Exercise directions: Copy each record exactly, word for word.

Top of Source information

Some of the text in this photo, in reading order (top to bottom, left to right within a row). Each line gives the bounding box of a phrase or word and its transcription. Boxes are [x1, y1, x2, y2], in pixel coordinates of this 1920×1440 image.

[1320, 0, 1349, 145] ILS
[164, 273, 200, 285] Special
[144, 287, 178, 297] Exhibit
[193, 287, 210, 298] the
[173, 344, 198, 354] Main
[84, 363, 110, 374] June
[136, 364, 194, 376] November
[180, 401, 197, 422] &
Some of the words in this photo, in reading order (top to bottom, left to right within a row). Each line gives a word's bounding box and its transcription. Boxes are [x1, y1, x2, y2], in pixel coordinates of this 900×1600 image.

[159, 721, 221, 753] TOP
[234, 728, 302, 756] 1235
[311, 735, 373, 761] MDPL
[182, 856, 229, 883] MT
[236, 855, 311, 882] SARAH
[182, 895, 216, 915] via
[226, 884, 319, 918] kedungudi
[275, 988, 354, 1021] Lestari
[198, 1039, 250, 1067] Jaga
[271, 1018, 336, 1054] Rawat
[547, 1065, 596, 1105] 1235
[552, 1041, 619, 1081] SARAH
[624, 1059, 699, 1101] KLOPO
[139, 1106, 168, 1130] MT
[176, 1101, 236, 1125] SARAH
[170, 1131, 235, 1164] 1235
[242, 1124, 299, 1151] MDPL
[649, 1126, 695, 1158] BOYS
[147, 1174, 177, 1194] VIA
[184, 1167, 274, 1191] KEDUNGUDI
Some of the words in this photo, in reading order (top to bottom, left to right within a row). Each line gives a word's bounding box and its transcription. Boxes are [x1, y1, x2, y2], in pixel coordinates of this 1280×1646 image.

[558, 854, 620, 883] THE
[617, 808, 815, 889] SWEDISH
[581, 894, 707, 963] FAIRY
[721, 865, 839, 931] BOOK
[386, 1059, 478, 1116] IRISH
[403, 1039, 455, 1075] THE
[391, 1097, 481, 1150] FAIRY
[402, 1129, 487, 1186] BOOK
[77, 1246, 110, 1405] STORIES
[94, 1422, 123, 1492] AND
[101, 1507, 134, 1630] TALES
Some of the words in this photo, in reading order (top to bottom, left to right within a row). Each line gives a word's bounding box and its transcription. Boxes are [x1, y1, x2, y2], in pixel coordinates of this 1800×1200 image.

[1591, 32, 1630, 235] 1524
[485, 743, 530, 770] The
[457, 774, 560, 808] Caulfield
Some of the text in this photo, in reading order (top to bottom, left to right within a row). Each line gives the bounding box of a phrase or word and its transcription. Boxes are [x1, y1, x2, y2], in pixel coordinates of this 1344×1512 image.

Bottom of Source information

Exercise answer:
Some of the text in this photo, in reading order (top to bottom, left to right within a row). Each line gives the bounding box of a phrase or word and its transcription. Boxes are [x1, y1, x2, y2], in pixel coordinates of this 1920×1440 image.

[1320, 0, 1349, 145] ILS
[164, 273, 200, 285] Special
[144, 287, 178, 297] Exhibit
[193, 287, 210, 298] the
[173, 344, 198, 354] Main
[84, 363, 110, 374] June
[136, 364, 194, 376] November
[180, 401, 197, 422] &
Some of the words in this photo, in reading order (top to bottom, left to right within a row). Each line gives a word's bounding box and its transcription. Boxes are [x1, y1, x2, y2], in pixel coordinates of this 900×1600 image.

[159, 721, 221, 753] TOP
[234, 728, 302, 756] 1235
[311, 735, 373, 761] MDPL
[182, 856, 229, 883] MT
[236, 855, 311, 882] SARAH
[182, 895, 216, 915] via
[226, 884, 319, 918] kedungudi
[275, 988, 354, 1021] Lestari
[198, 1039, 250, 1067] Jaga
[271, 1018, 336, 1054] Rawat
[547, 1065, 596, 1105] 1235
[552, 1041, 619, 1081] SARAH
[624, 1059, 699, 1101] KLOPO
[139, 1106, 168, 1130] MT
[176, 1101, 236, 1125] SARAH
[170, 1131, 235, 1164] 1235
[242, 1124, 299, 1151] MDPL
[649, 1126, 695, 1158] BOYS
[147, 1174, 177, 1194] VIA
[184, 1167, 274, 1191] KEDUNGUDI
Some of the words in this photo, in reading order (top to bottom, left to right within a row). Each line gives a word's bounding box and its transcription. Boxes are [x1, y1, x2, y2], in pixel coordinates of this 1280×1646 image.

[558, 854, 620, 883] THE
[617, 808, 815, 889] SWEDISH
[581, 894, 707, 963] FAIRY
[721, 865, 839, 931] BOOK
[386, 1059, 478, 1116] IRISH
[403, 1039, 455, 1075] THE
[391, 1097, 481, 1150] FAIRY
[402, 1129, 487, 1186] BOOK
[77, 1246, 110, 1405] STORIES
[94, 1422, 123, 1492] AND
[101, 1507, 134, 1630] TALES
Some of the words in this photo, in reading order (top to bottom, left to right within a row). Each line gives a word's bounding box and its transcription. Boxes are [x1, y1, x2, y2], in pixel coordinates of this 1800×1200 image.

[1591, 32, 1630, 235] 1524
[485, 743, 530, 770] The
[457, 774, 560, 808] Caulfield
Some of the text in this photo, in reading order (top to bottom, left to right within a row). Each line gives the bounding box of a phrase or word and its transcription. Boxes are [x1, y1, x2, y2], in pixel coordinates of this 1344×1512 image.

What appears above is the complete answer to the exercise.